The grey area associated with an entrepreneur’s income combined with the contentious nature of divorce is the recipe for a fight. No matter how long either party pours over the financial documents it may be necessary to hire a forensic expert to come up with a figure. It is not uncommon in these situations for both parties to hire experts, essentially creating a “battle of the experts.” This sort of contentiousness is usually more prevalent when it comes to valuing the business from a property division standpoint, but it can still happen when there is a dispute over the child support obligation.
Tricks to Lower Income
It is easy to hide income and assets when you are a business owner, and many business owners are particularly tempted to do this once divorce proceedings have begun. The less the business is worth, the less the entrepreneur will have to pay his spouse in property division. The less income the entrepreneur makes, the less he will owe in child support and spousal support. It is obvious why an entrepreneur may intentionally hide business related assets and earnings.
Income can ben hidden in the following ways:
- Depreciation and expensing for tax purposes.
- Pass through entity distributions.
- False lease of office space/rental of equipment.
- Loans between owners or close friends and family members
In addition to actively hiding income, entrepreneurs also frequently have unreported income. Cash intensive businesses can generate a significant of cash that isn’t reported. Earnings from offshore accounts can also generate unreported income. Overstating expenses is yet another trick to make it look as though an entrepreneur’s earnings are less than they actually are.
Clearly there are plenty of tricks to make your income appear less than it is. Why not protect yourself by using these tricks so that your child support obligation is less?

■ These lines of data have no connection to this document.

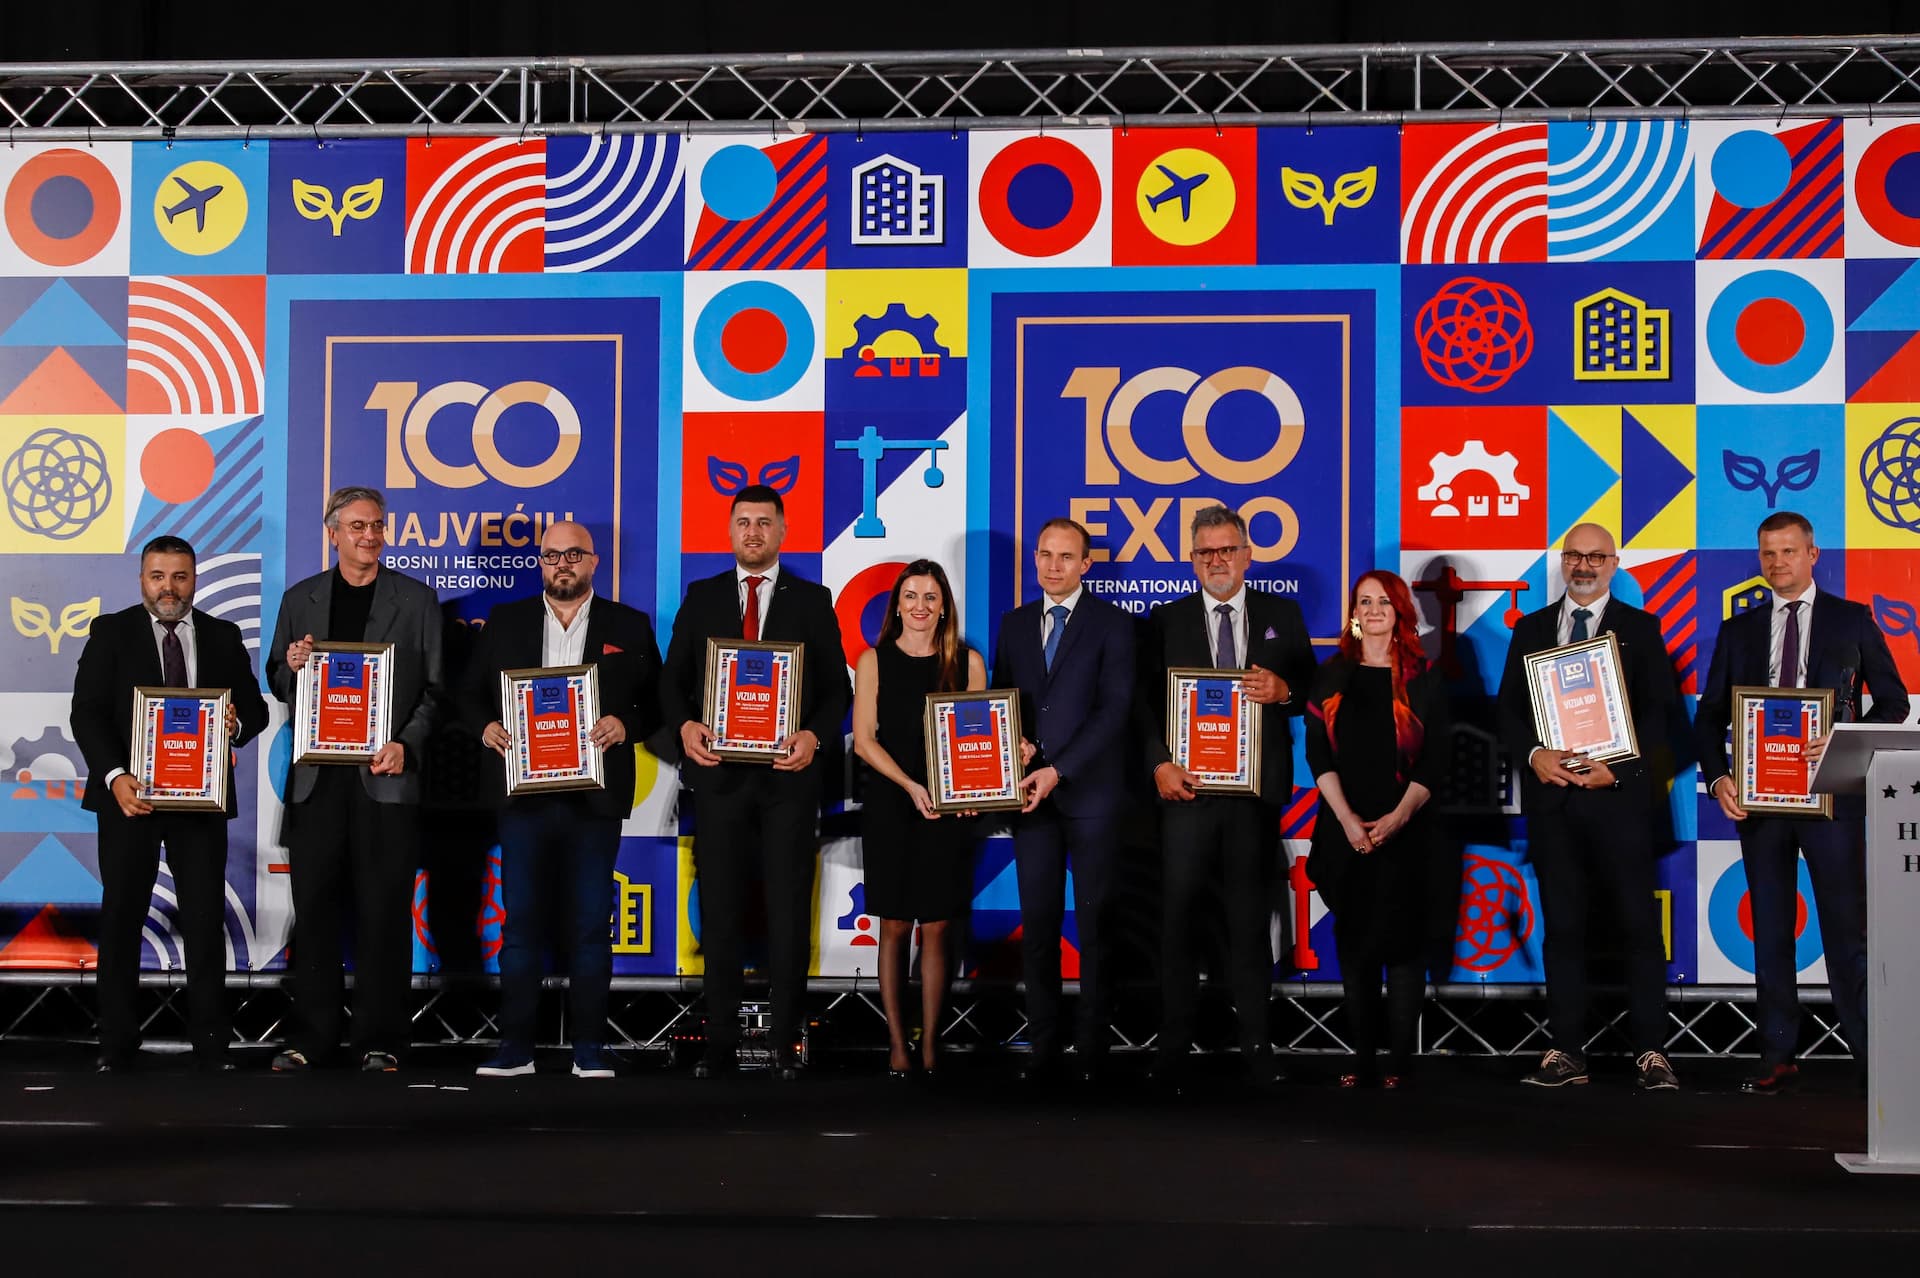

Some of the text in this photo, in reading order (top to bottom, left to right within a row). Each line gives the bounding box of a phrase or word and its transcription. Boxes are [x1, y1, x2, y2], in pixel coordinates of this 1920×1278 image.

[1060, 366, 1305, 485] 100
[364, 380, 582, 489] 100
[385, 555, 542, 569] BOSNI I HERCEGO
[436, 575, 515, 589] REGIONU
[1082, 579, 1199, 594] TERNATIONAL
[349, 695, 361, 704] 100
[757, 692, 770, 702] 100
[557, 719, 569, 729] 100
[1218, 723, 1230, 732] 100
[184, 740, 197, 750] 100
[979, 742, 992, 751] 100
[1787, 743, 1800, 753] 100
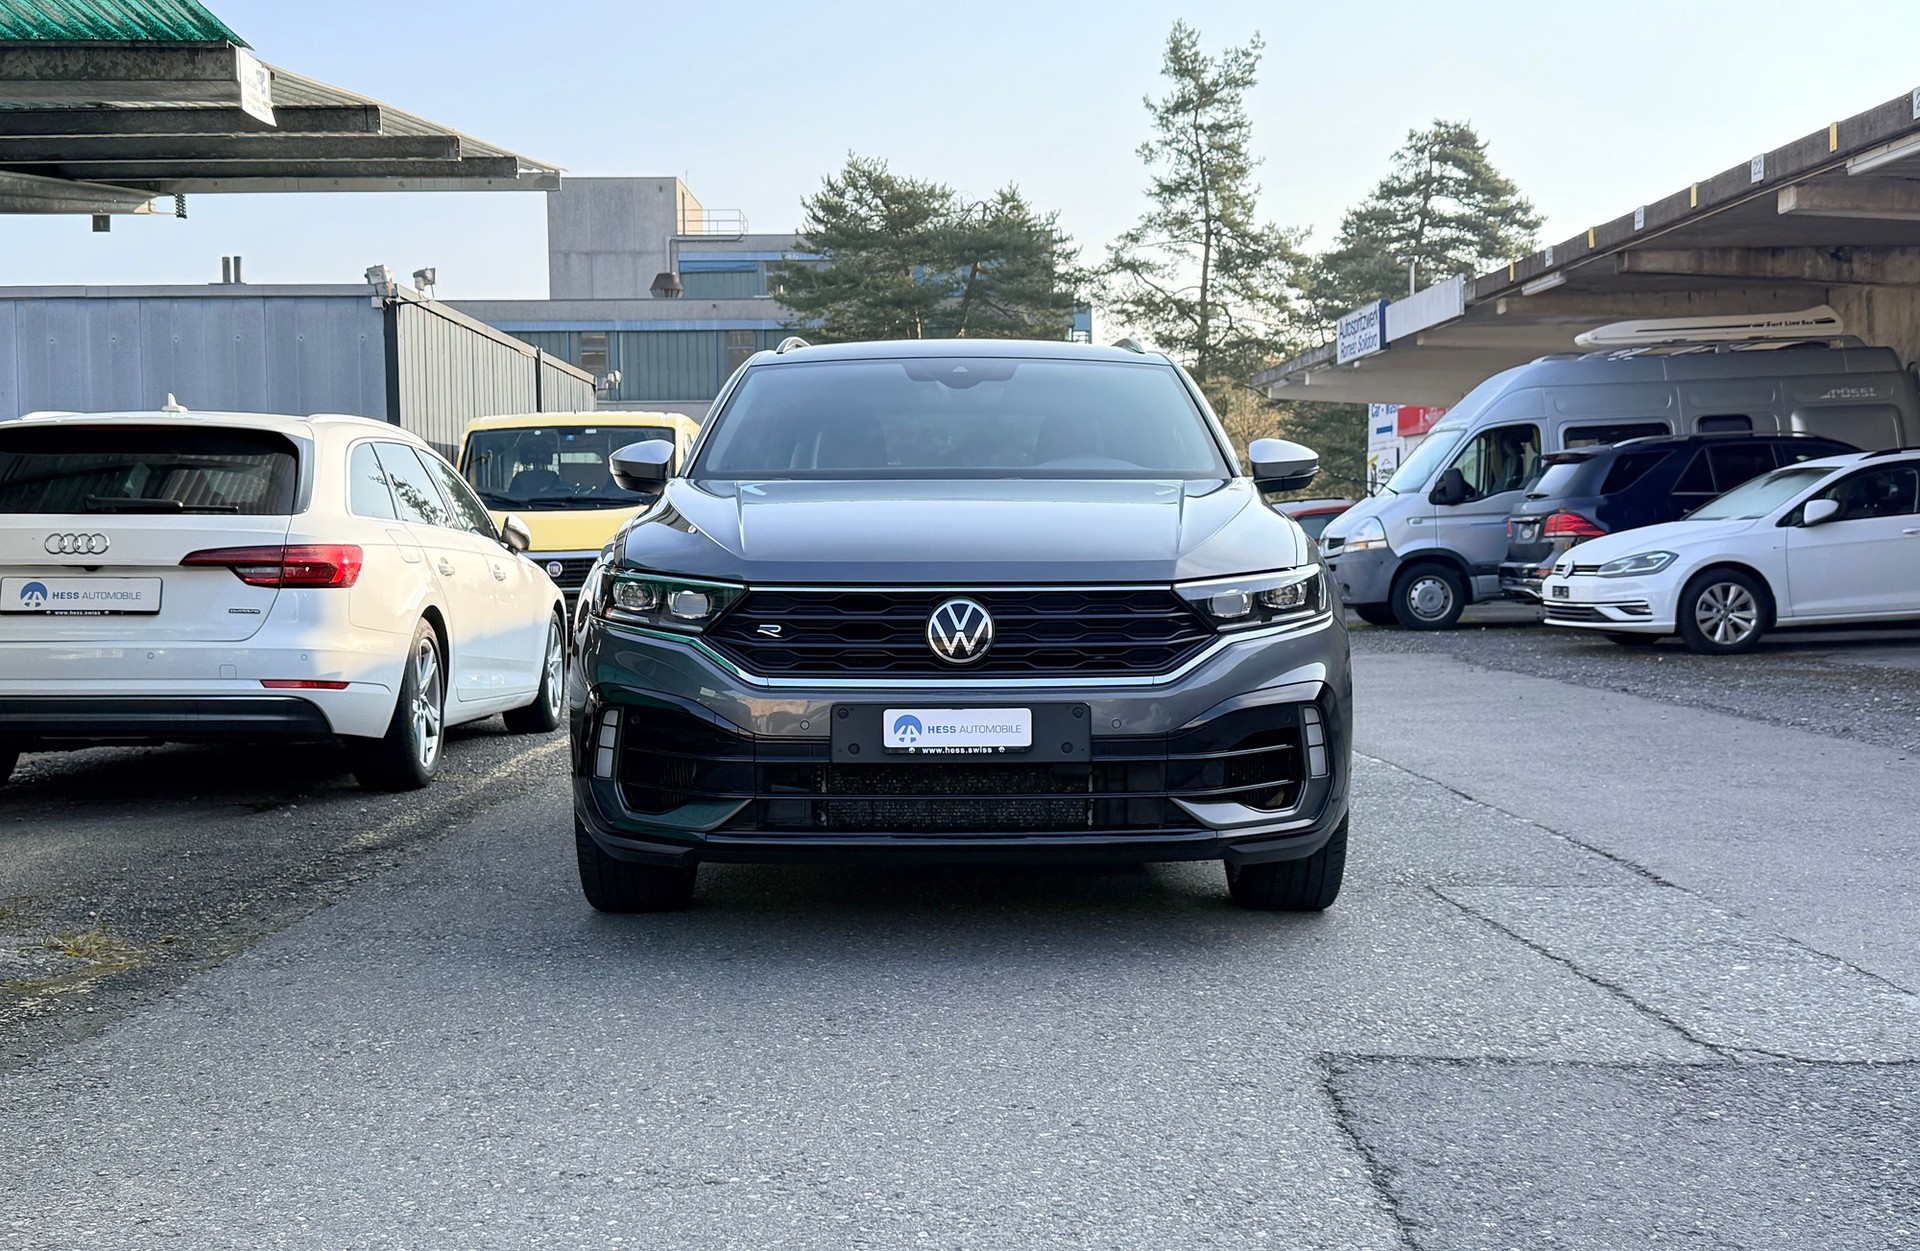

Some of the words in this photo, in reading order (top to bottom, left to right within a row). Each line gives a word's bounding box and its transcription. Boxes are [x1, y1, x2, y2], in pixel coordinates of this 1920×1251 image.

[52, 591, 80, 600] HESS
[82, 591, 141, 600] AUTOMOBILE
[927, 725, 957, 734] HESS
[959, 724, 1021, 734] AUTOMOBILE
[922, 746, 993, 754] www.hess.swiss
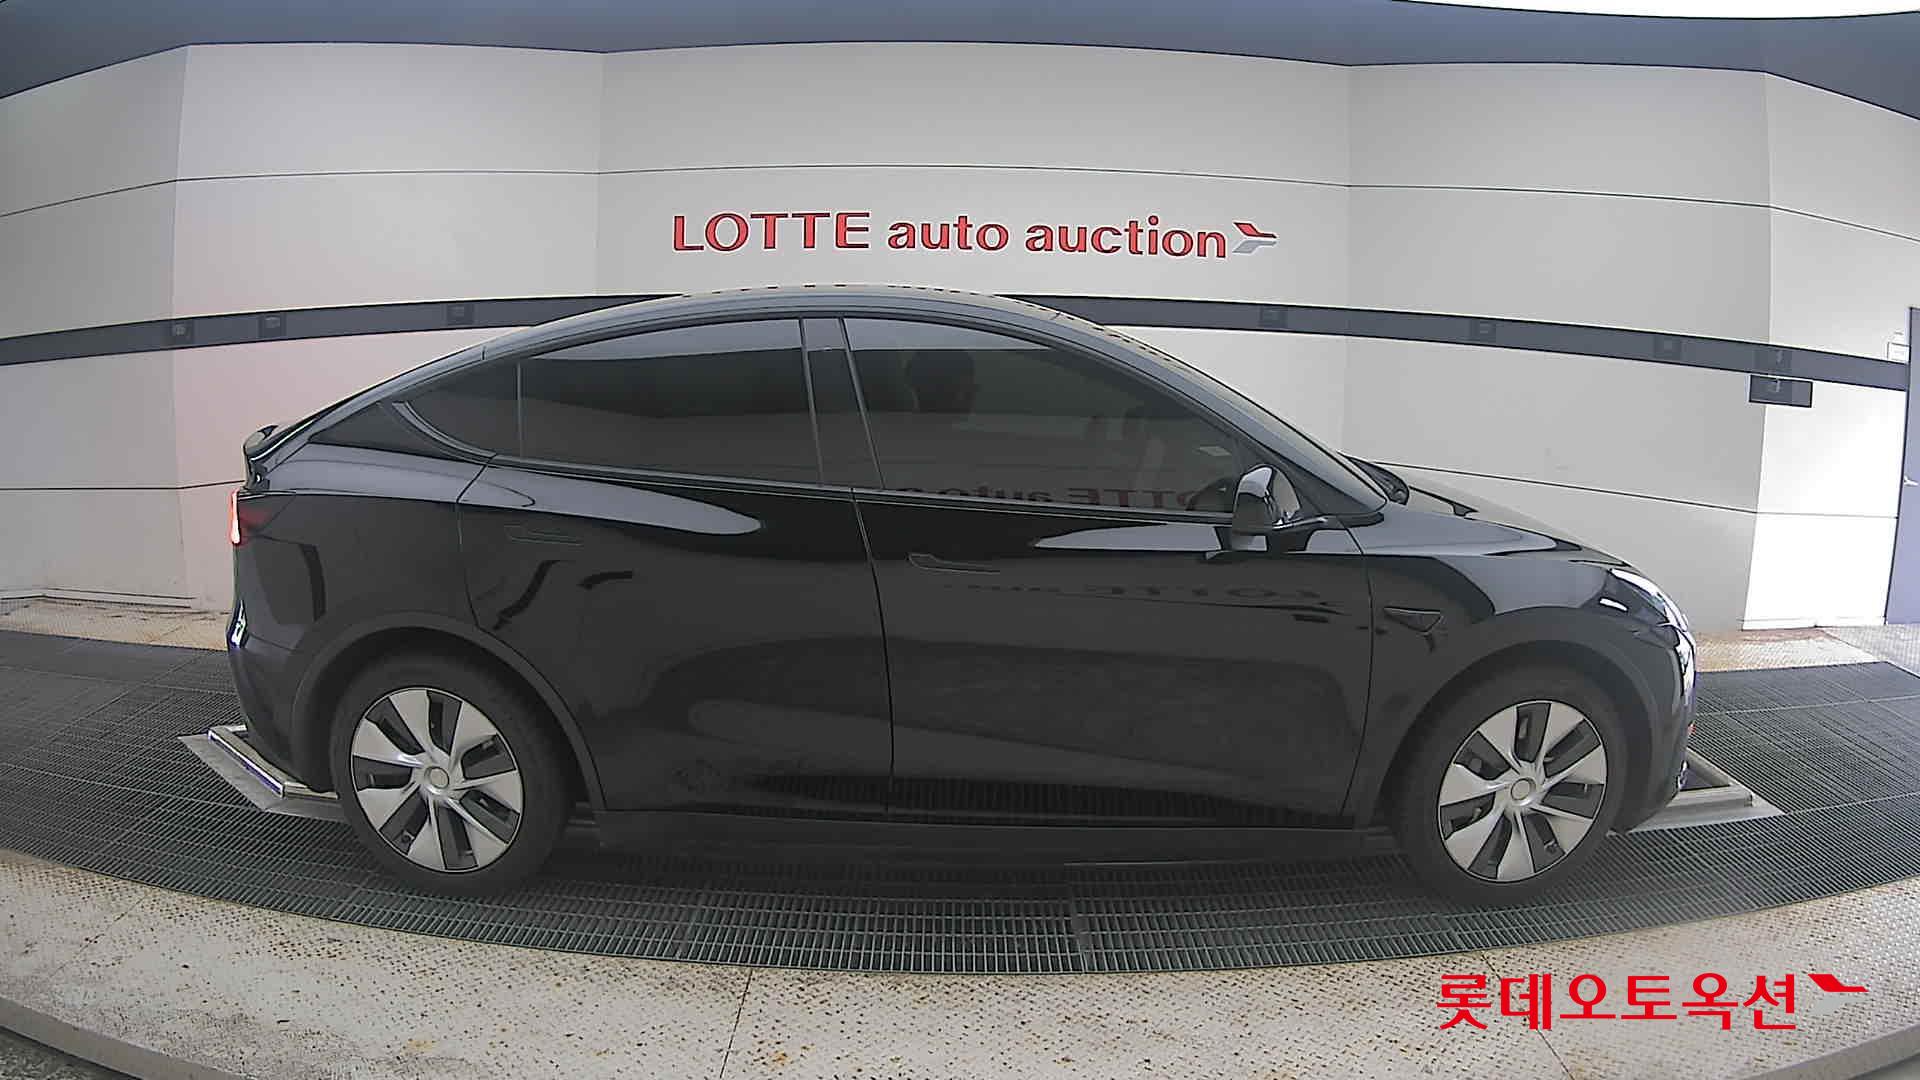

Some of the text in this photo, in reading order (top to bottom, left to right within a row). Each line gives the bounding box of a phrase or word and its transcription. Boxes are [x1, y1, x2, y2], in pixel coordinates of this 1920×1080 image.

[673, 213, 1227, 258] LOTTE auto auction

First, it’s easy to get caught. Family law attorneys have plenty of experience pouring through documents obtained through discovery and know to look for certain inconsistencies.
Even a simple lifestyle analysis can lead to deeper investigation into your financial paperwork. If you claim you generate a modest income from the business but your mortgage or rent payment is $3,000 a month, that’s an obvious red flag. Or, if your bank statements reflect that you are spending an unreasonable amount of money on dining or leisure, it will cause an attorney to take a deeper look. Outside of a lifestyle analysis, there are many other ways that an attorney can unearth inconsistencies. If the attorney fails to pick up on these discrepancies, a forensic accountant can most certainly find hidden income.
The consequences of hiding income to lower a child support obligation can be more than just a slap on the wrist. Tax fraud is a federal crime with serious consequences. Anyone can report potential fraud to the IRS simply by filling out IRS form 3949-A. If the IRS investigates and discovers fraud you could face massive fines or even jail time. So, while it may seem smart to under-report your income to lower your child support obligation, it most likely is not worth the penalties you would incur should you be reported to the IRS and found guilty of tax fraud.
One final note that an entrepreneur should consider regarding child support is that the amount of time that the child spends with each parent factors into the child support calculation. If your child is primarily in the custody of your former spouse, your child support obligation will be higher than if you are sharing custody equally.